DIRECTIONS FOR THIS TASK. Transcribe all records below exactly, without images.
INPUT RECORDS START
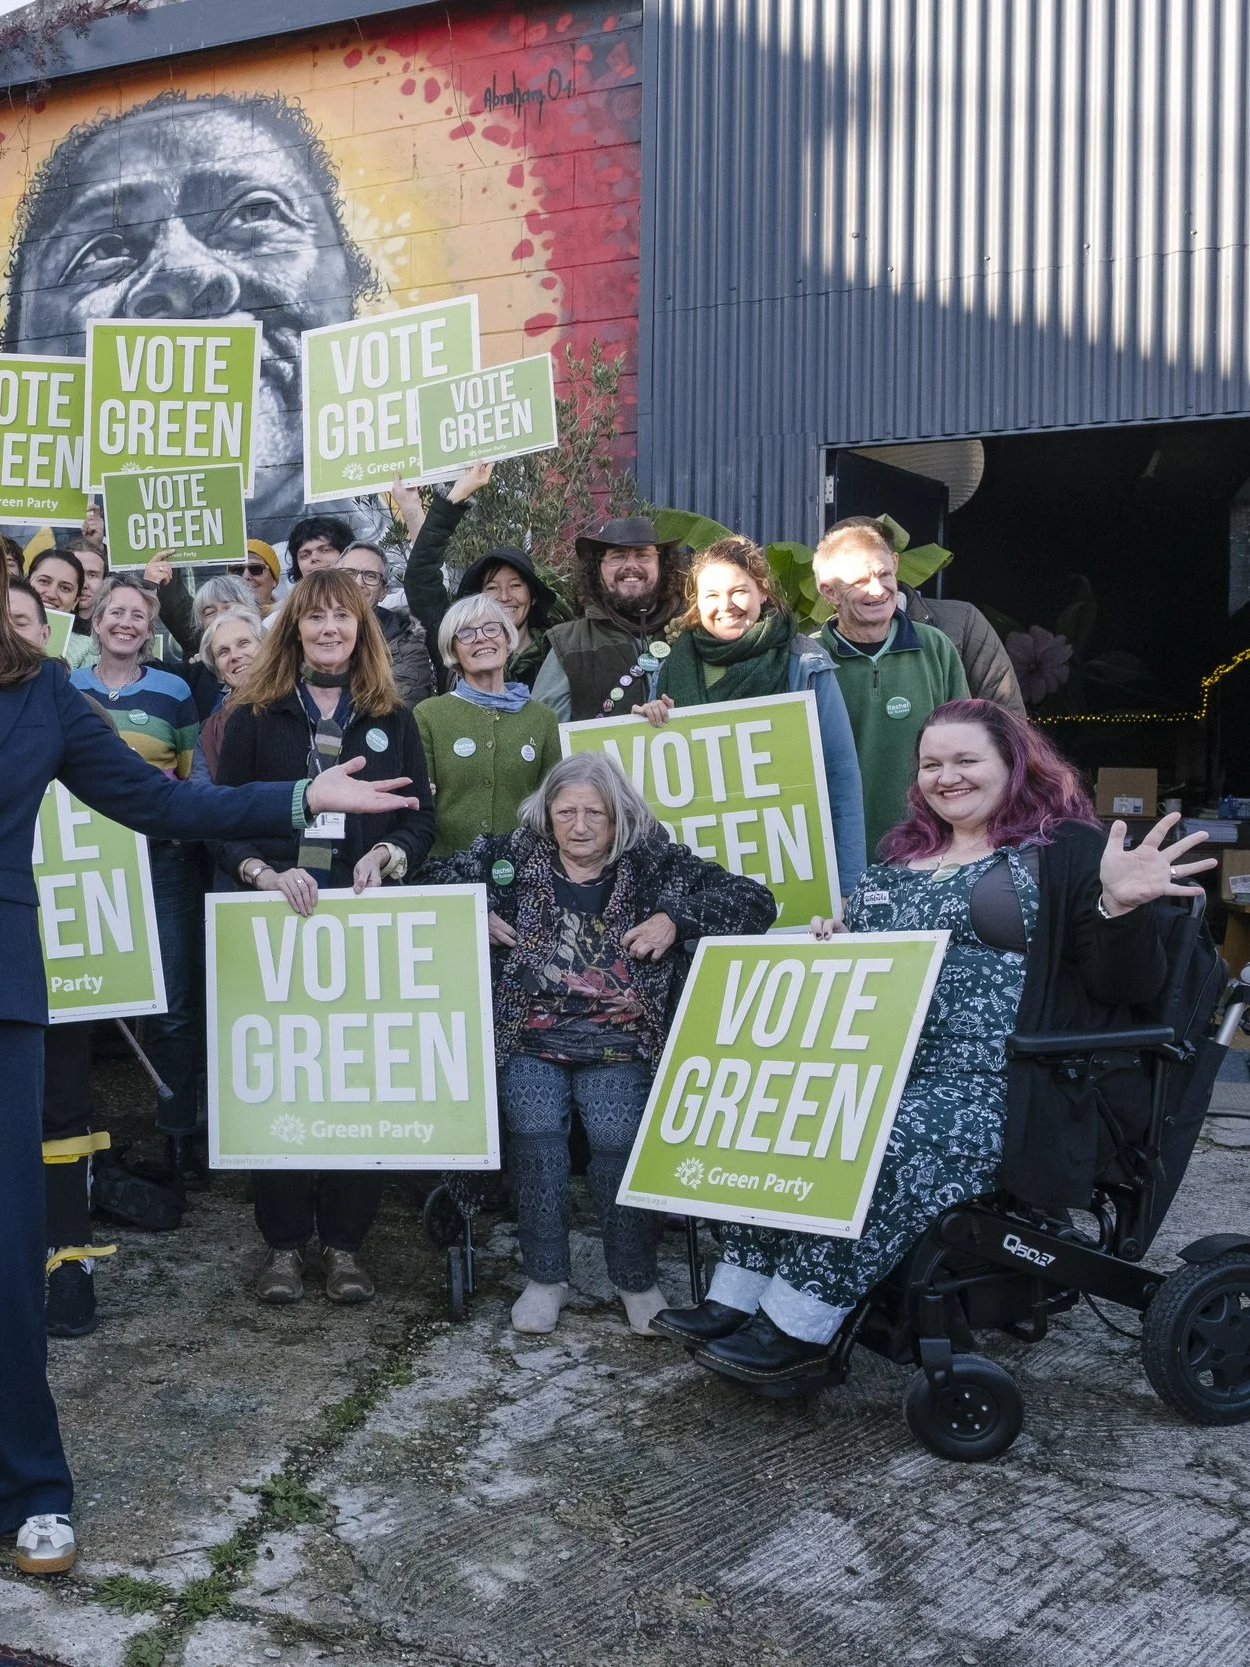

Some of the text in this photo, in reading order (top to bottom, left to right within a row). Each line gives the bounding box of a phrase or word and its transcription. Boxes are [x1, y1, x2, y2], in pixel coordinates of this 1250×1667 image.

[116, 335, 231, 394] VOTE
[330, 318, 448, 395] VOTE
[451, 368, 516, 413] VOTE
[99, 399, 243, 458] GREEN
[318, 389, 420, 461] GREE
[439, 399, 533, 453] GREEN
[367, 459, 405, 475] Green
[27, 497, 59, 512] Party
[138, 473, 206, 510] VOTE
[127, 508, 223, 550] GREEN
[183, 551, 197, 559] Party
[886, 702, 910, 710] Rachel
[603, 719, 780, 808] VOTE
[493, 866, 512, 874] Rachel
[251, 911, 440, 1002] VOTE
[50, 973, 103, 994] Party
[715, 958, 893, 1050] VOTE
[231, 1011, 469, 1104] GREEN
[659, 1055, 883, 1161] GREEN
[311, 1119, 435, 1143] Green Party
[219, 1158, 273, 1166] greenparty.org.uk
[708, 1167, 814, 1201] Green Party
INPUT RECORDS END
SOLUTION.
Some of the text in this photo, in reading order (top to bottom, left to right within a row). Each line gives the bounding box of a phrase or word and its transcription. Boxes are [x1, y1, x2, y2], in pixel coordinates of this 1250×1667 image.

[116, 335, 231, 394] VOTE
[330, 318, 448, 395] VOTE
[451, 368, 516, 413] VOTE
[99, 399, 243, 458] GREEN
[318, 389, 420, 461] GREE
[439, 399, 533, 453] GREEN
[367, 459, 405, 475] Green
[27, 497, 59, 512] Party
[138, 473, 206, 510] VOTE
[127, 508, 223, 550] GREEN
[183, 551, 197, 559] Party
[886, 702, 910, 710] Rachel
[603, 719, 780, 808] VOTE
[493, 866, 512, 874] Rachel
[251, 911, 440, 1002] VOTE
[50, 973, 103, 994] Party
[715, 958, 893, 1050] VOTE
[231, 1011, 469, 1104] GREEN
[659, 1055, 883, 1161] GREEN
[311, 1119, 435, 1143] Green Party
[219, 1158, 273, 1166] greenparty.org.uk
[708, 1167, 814, 1201] Green Party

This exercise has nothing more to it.